*Provided data*.
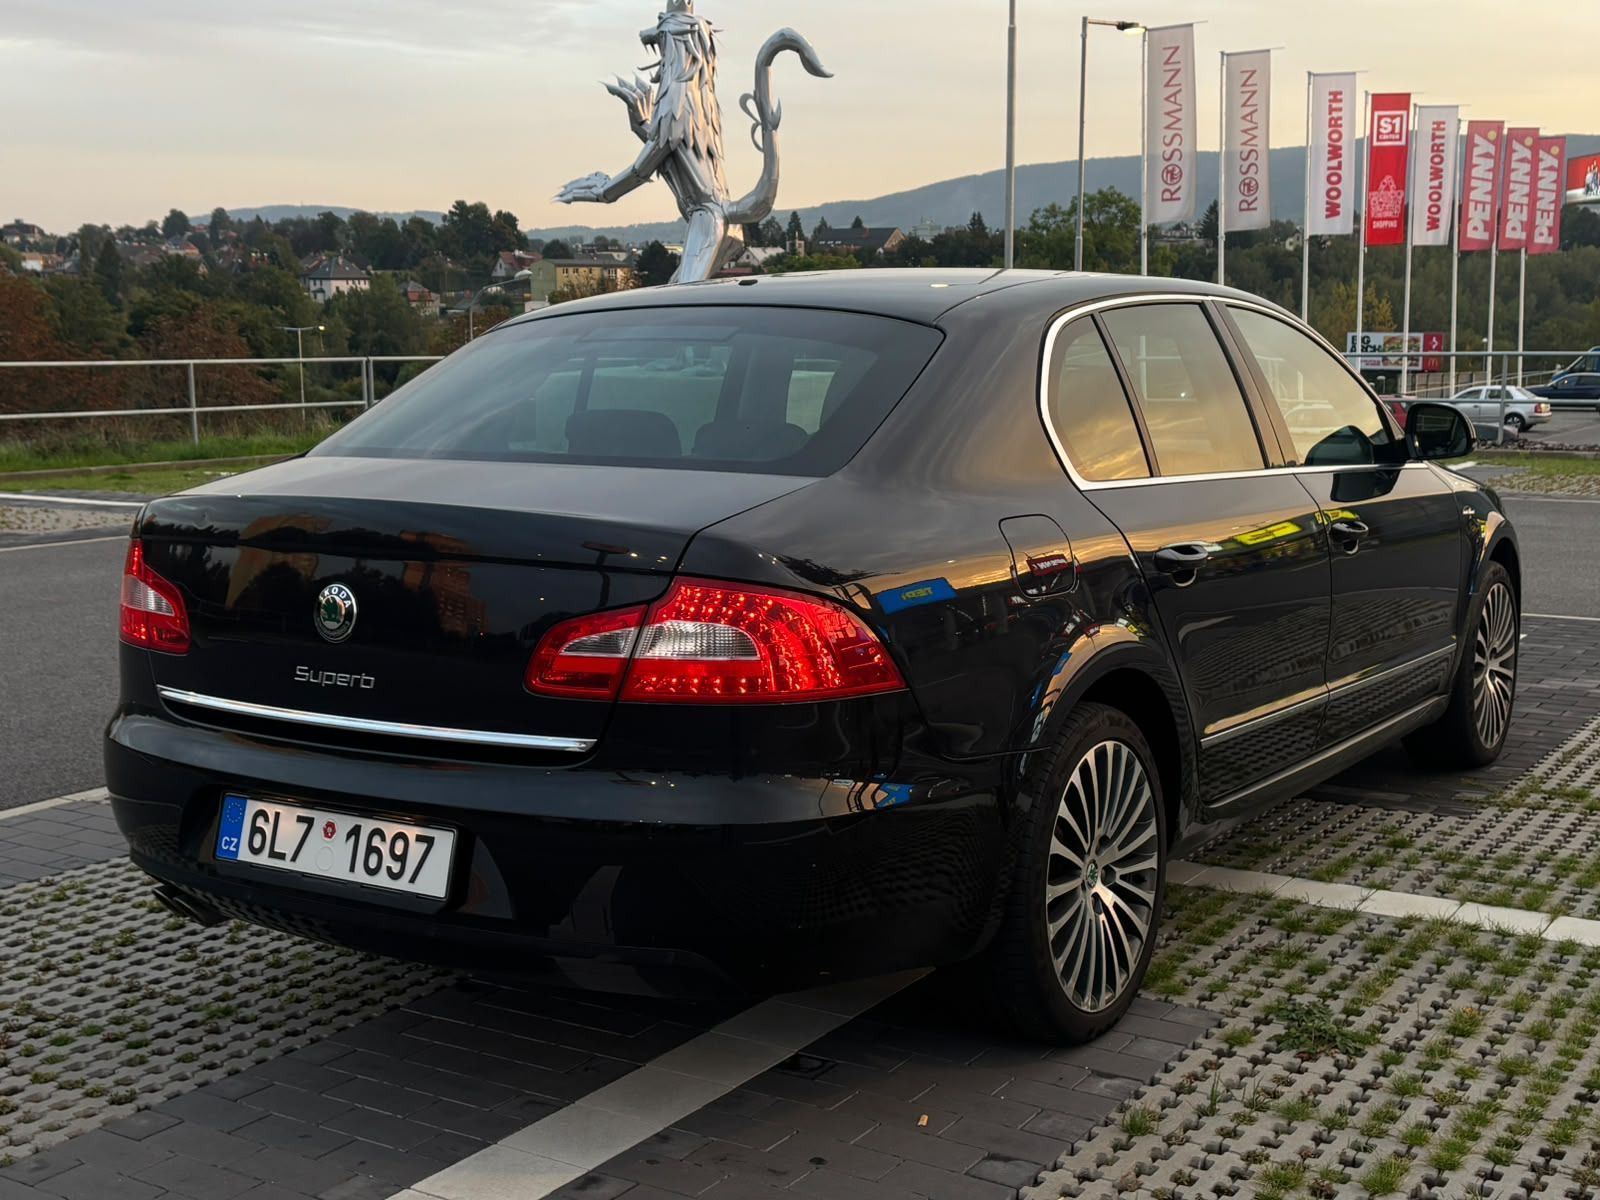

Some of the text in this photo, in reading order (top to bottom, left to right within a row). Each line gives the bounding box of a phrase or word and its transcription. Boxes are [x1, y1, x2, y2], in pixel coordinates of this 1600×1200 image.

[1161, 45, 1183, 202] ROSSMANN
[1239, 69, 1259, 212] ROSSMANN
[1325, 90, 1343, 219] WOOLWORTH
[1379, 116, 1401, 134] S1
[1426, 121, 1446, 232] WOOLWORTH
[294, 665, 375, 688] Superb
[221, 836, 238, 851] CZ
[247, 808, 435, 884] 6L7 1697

*Work request*. What is needed is an exact copy of the data, without any pictures.

*Answer to the exercise*.
Some of the text in this photo, in reading order (top to bottom, left to right within a row). Each line gives the bounding box of a phrase or word and its transcription. Boxes are [x1, y1, x2, y2], in pixel coordinates of this 1600×1200 image.

[1161, 45, 1183, 202] ROSSMANN
[1239, 69, 1259, 212] ROSSMANN
[1325, 90, 1343, 219] WOOLWORTH
[1379, 116, 1401, 134] S1
[1426, 121, 1446, 232] WOOLWORTH
[294, 665, 375, 688] Superb
[221, 836, 238, 851] CZ
[247, 808, 435, 884] 6L7 1697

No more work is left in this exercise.